Après avoir retracé l’histoire de la reine Berthe, intéressons-nous un peu plus à celle de l’Abbatiale et plus généralement de la ville de Payerne : pourquoi Adélaïde, la fille de Berthe, choisit-elle cet endroit pour y enterrer sa mère ? Le prieuré de Payerne n’est en effet pas construit sur un terrain vierge de tout passé. Dès l’Antiquité, d’imposantes constructions et des personnages de haut rang ont occupé les lieux.
Les fouilles menées dans les années 1950 par l’architecte Pierre Margot révèlent pour la première fois l’existence de vestiges datant de l’époque romaine sous l’Abbatiale. Un vaste bâtiment est mis au jour. Il correspond sans doute à l’élément principal d’une villa, c’est-à-dire d’un grand domaine rural typique de l’Antiquité. La position du site, sur un petit promontoire dominant la plaine de la Broye, à quelques kilomètres seulement d’Avenches, la capitale de l’Helvétie romaine, le rend particulièrement intéressant.
A part les fondations des murs, on connaît peu de choses de cet édifice. Les sols ont pour la plupart disparu. Très peu d’objets sont parvenus jusqu’à nous. Les constructions et les nombreuses sépultures creusées dans le sol au Moyen Age ont fait disparaître la plupart des couches archéologiques de l’époque romaine. Une partie des moellons de calcaire jaune utilisés pour construire l’église romane, et que l’on voit encore aujourd’hui, proviennent pourtant de cette villa.
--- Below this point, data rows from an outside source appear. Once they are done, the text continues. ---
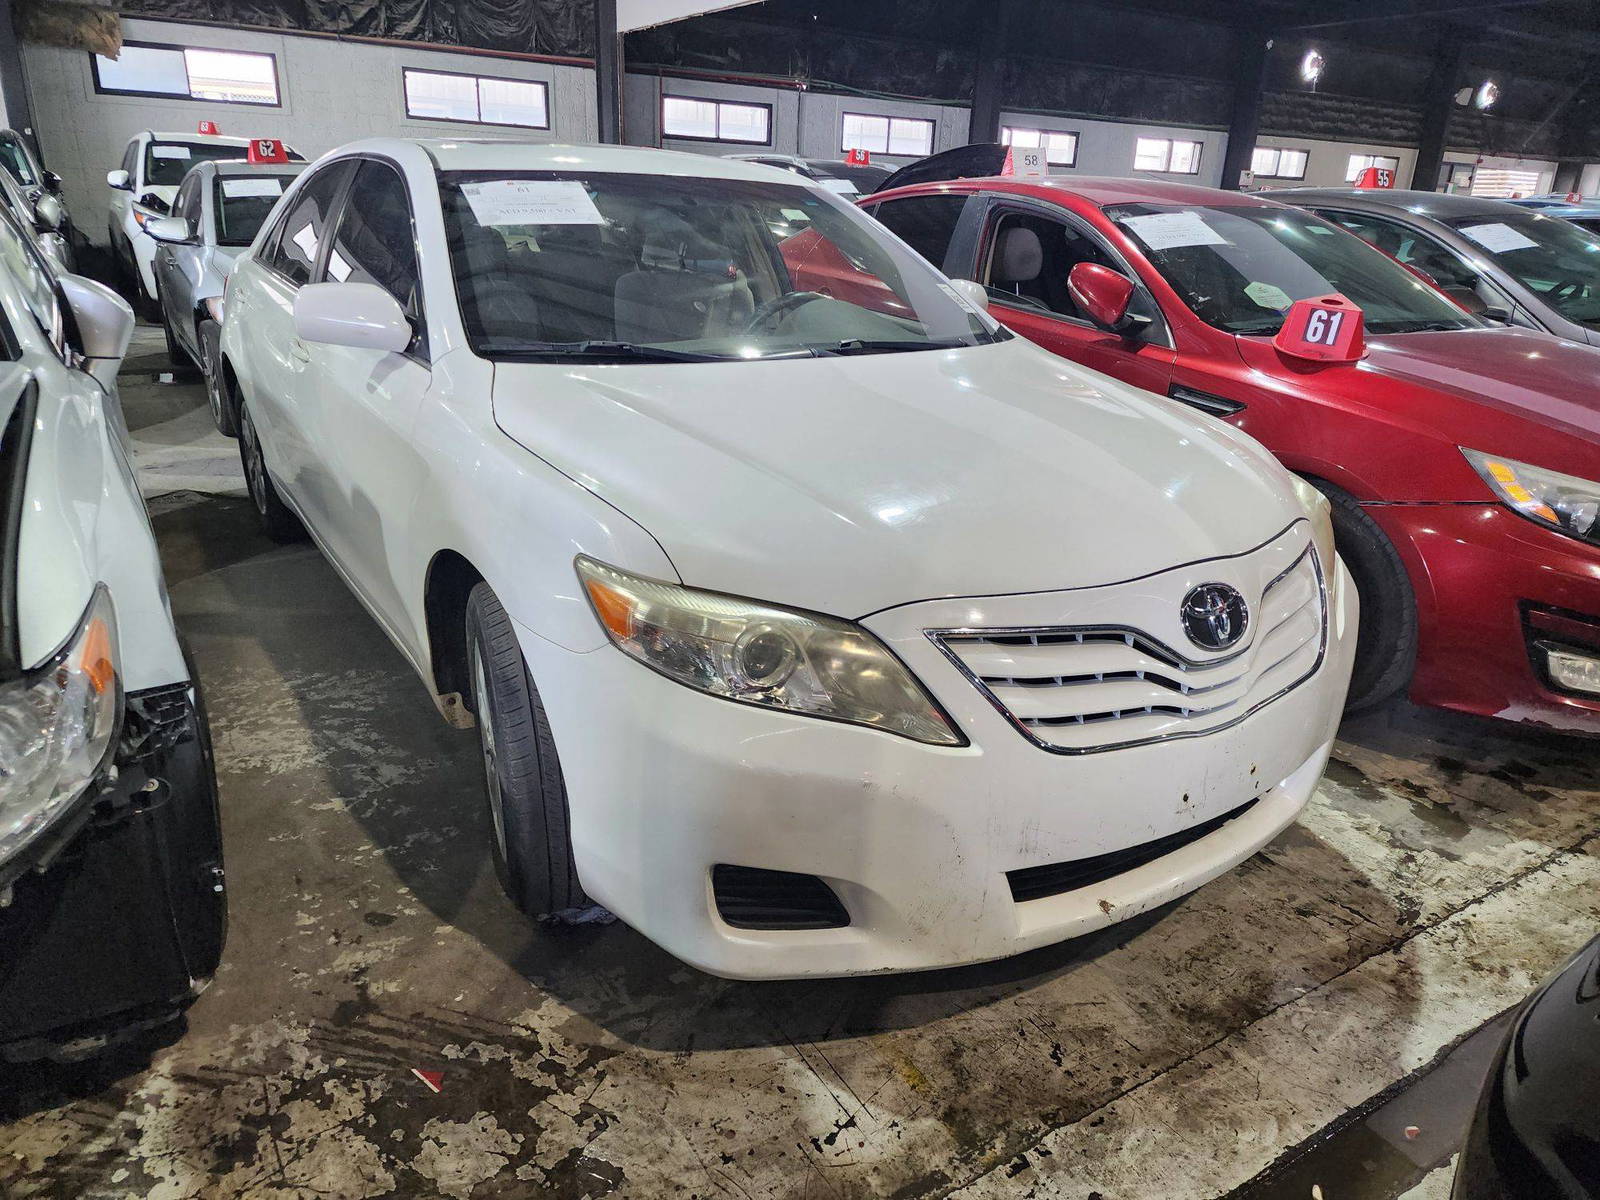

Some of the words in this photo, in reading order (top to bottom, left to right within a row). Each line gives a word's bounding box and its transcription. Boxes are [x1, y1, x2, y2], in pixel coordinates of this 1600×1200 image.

[259, 140, 275, 157] 62
[1024, 154, 1038, 166] 58
[1377, 169, 1389, 187] 55
[1306, 309, 1343, 345] 61
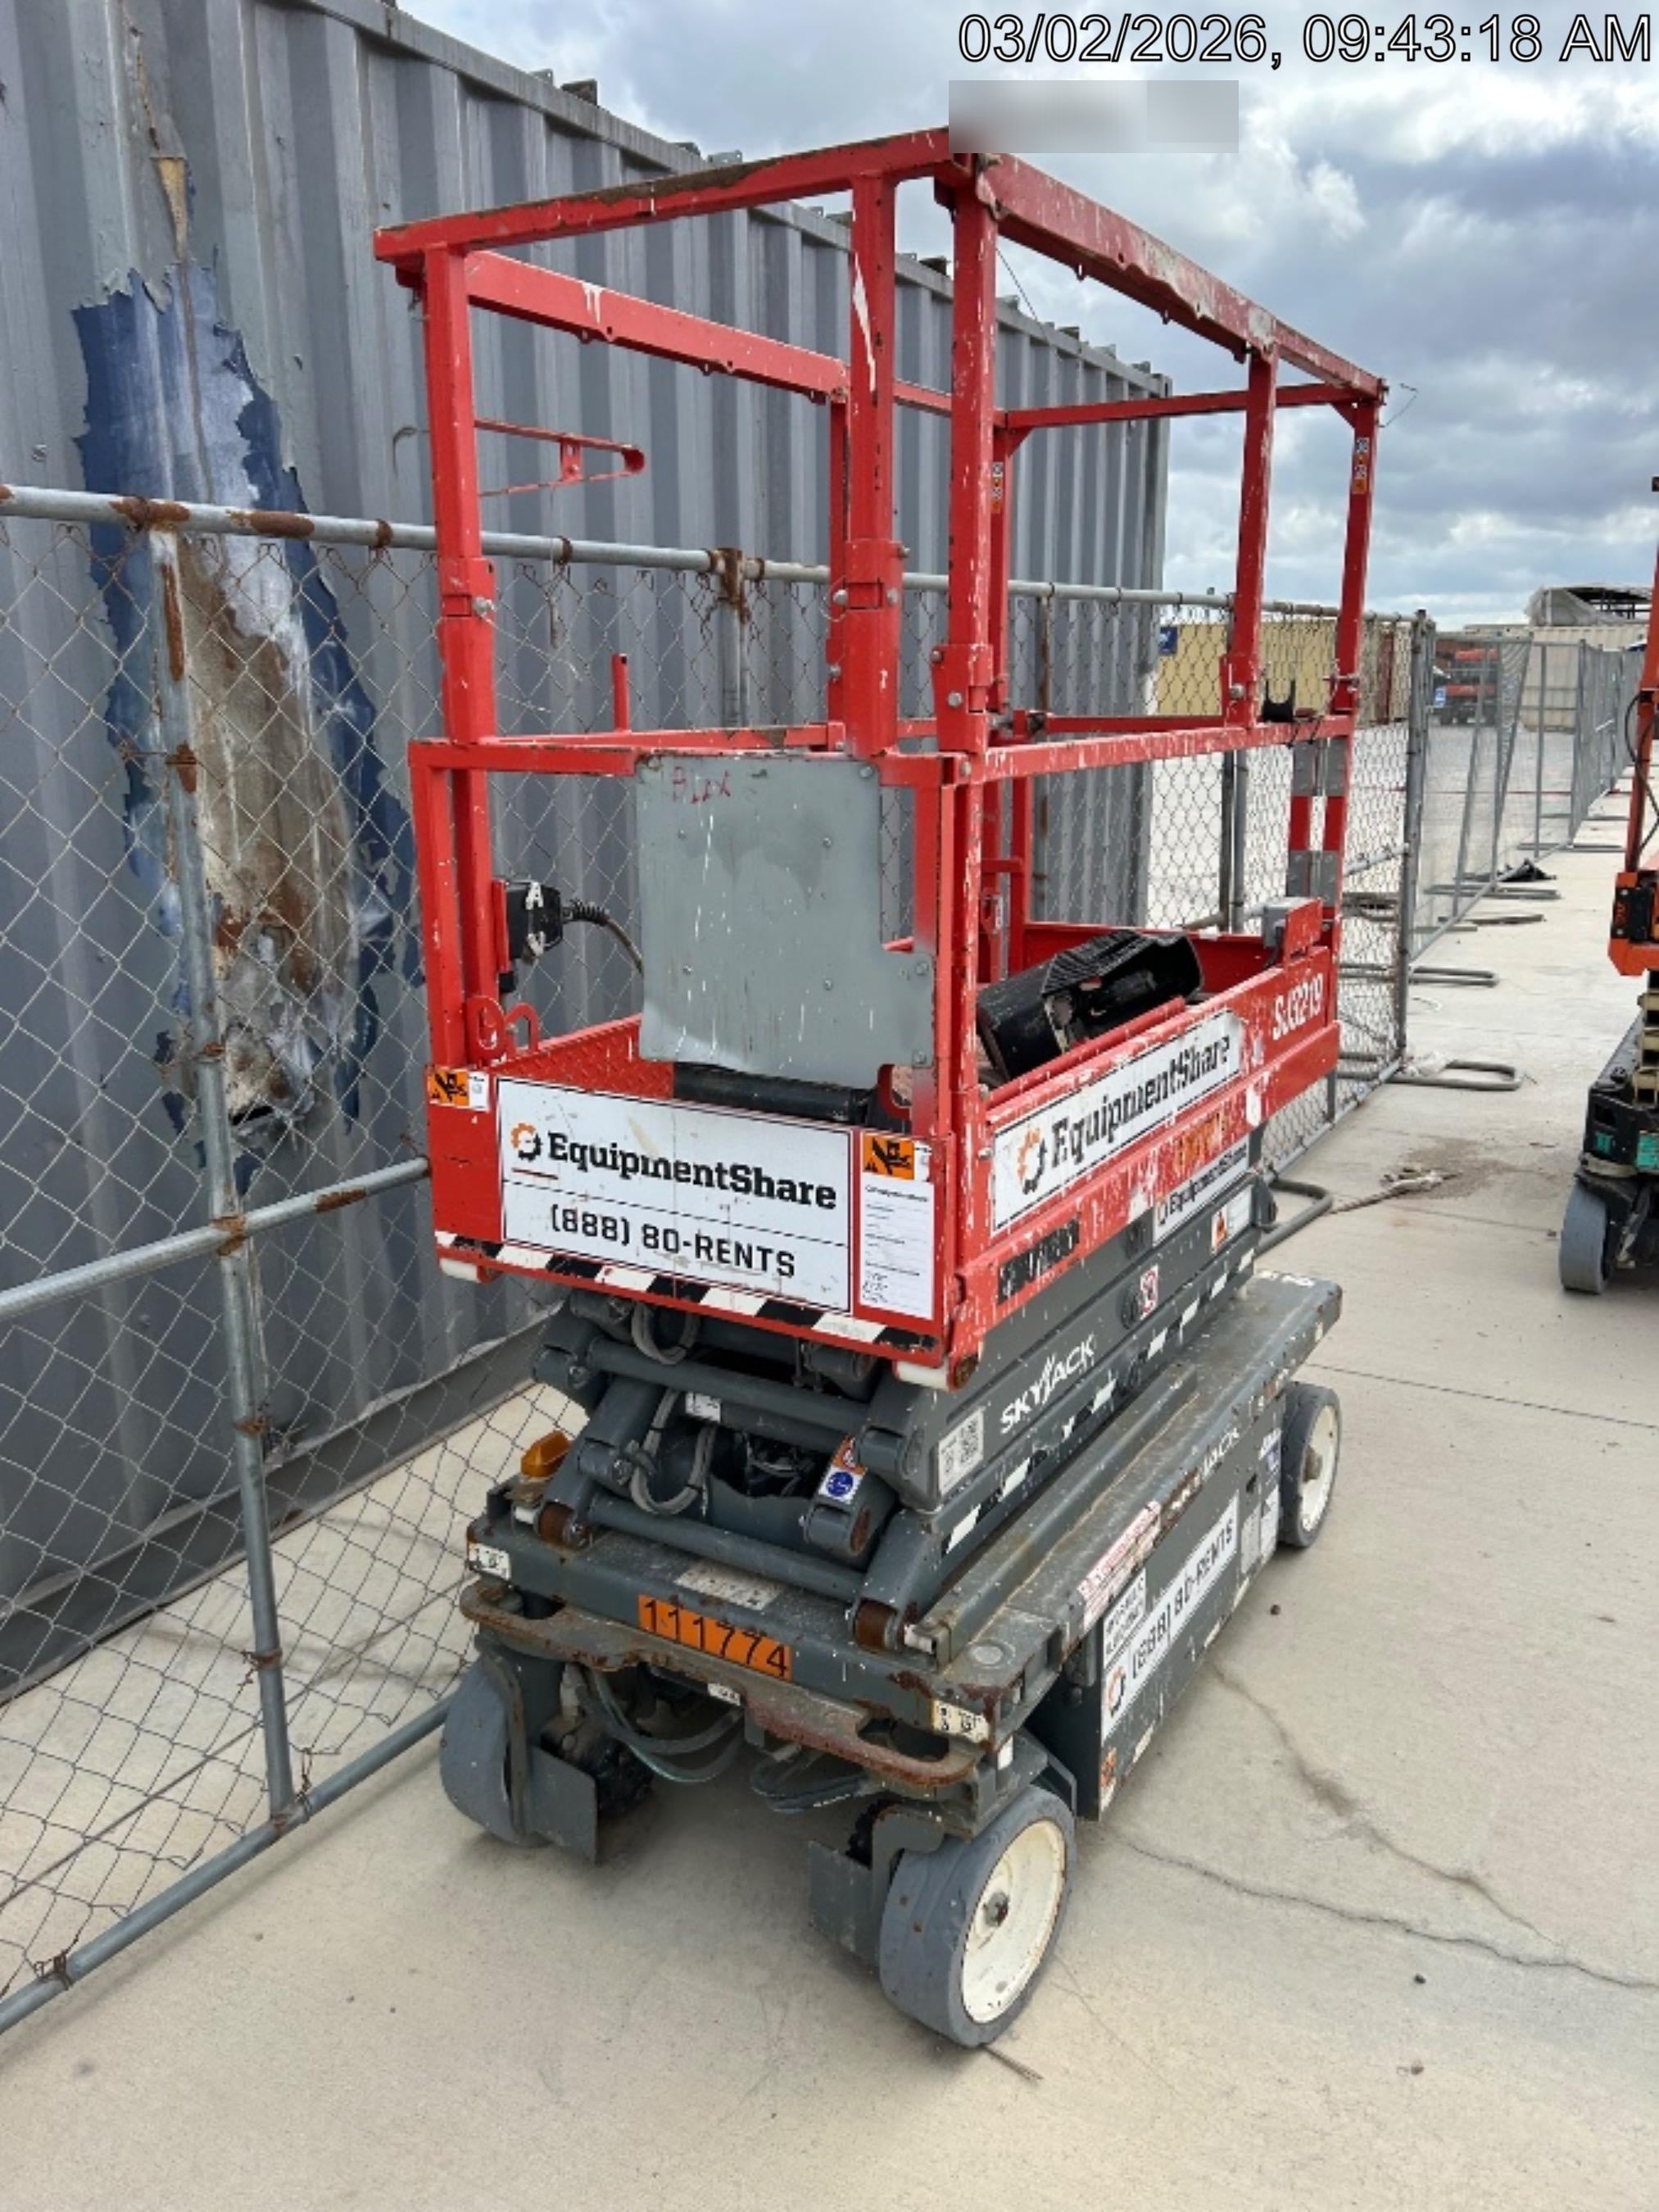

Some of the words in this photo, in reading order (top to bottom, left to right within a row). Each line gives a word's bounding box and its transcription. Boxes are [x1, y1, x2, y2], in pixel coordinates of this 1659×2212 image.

[1051, 1036, 1231, 1168] EquipmentShare
[547, 1131, 836, 1210] EquipmentShare
[551, 1203, 630, 1246] (888)
[642, 1224, 796, 1278] 80-RENTS
[1001, 1331, 1096, 1434] SKYJACK
[645, 1599, 787, 1677] 111774
[1131, 1602, 1172, 1679] (888)
[1174, 1517, 1233, 1616] 80-RENTS
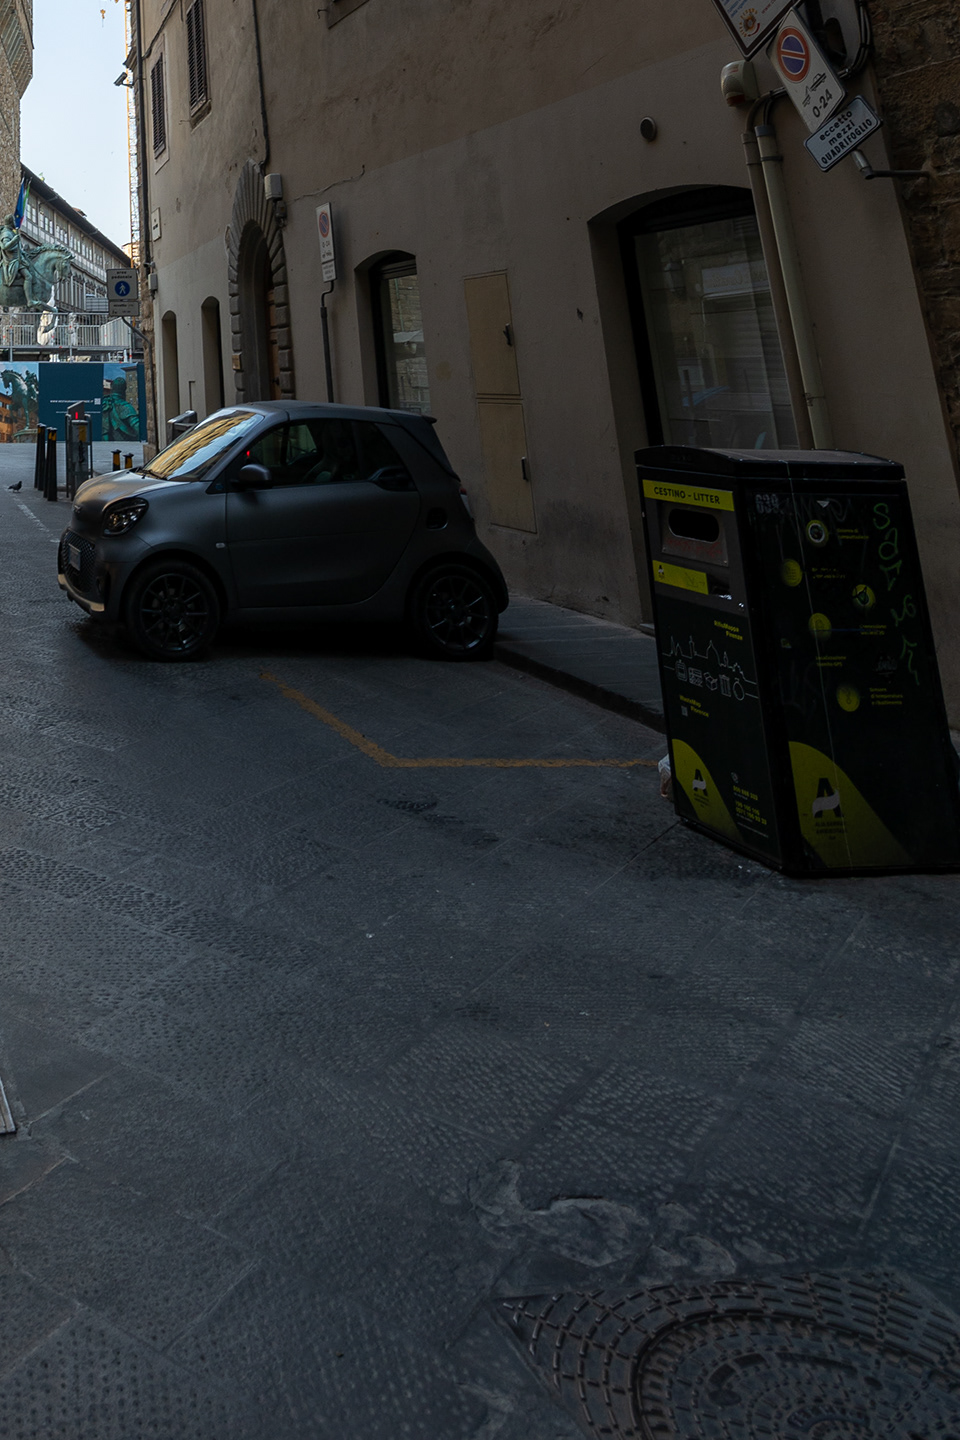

Ce phénomène de récupération des matériaux, que les archéologues et les historiens d’art appellent « remploi », est bien connu. S’il a existé de tout temps, il est particulièrement répandu au Moyen Age.
L’une des pierres utilisées en « remploi » est encore visible dans le chœur de l’église. Elle est particulièrement importante pour l’histoire du site. Il s’agit d’une stèle funéraire qui mentionne, en latin bien sûr, un certain P. Graccius Paternus, peut-être un propriétaire du domaine. Les Romains possèdent généralement un nom composé de trois éléments : un prénom (praenomen), un nom (nomen) et un surnom (cognomen). Ici, le dernier, Paternus, évoque une importante famille d’Avenches. Mais il fait surtout écho au nom actuel de Payerne, dérivé de cette racine Patern- qui désigne encore ce lieu bien plus tard, dans des écrits médiévaux (in loco Paterniaco par exemple). Ainsi Payerne garde-t-elle dans sa dénomination le souvenir de son passé antique.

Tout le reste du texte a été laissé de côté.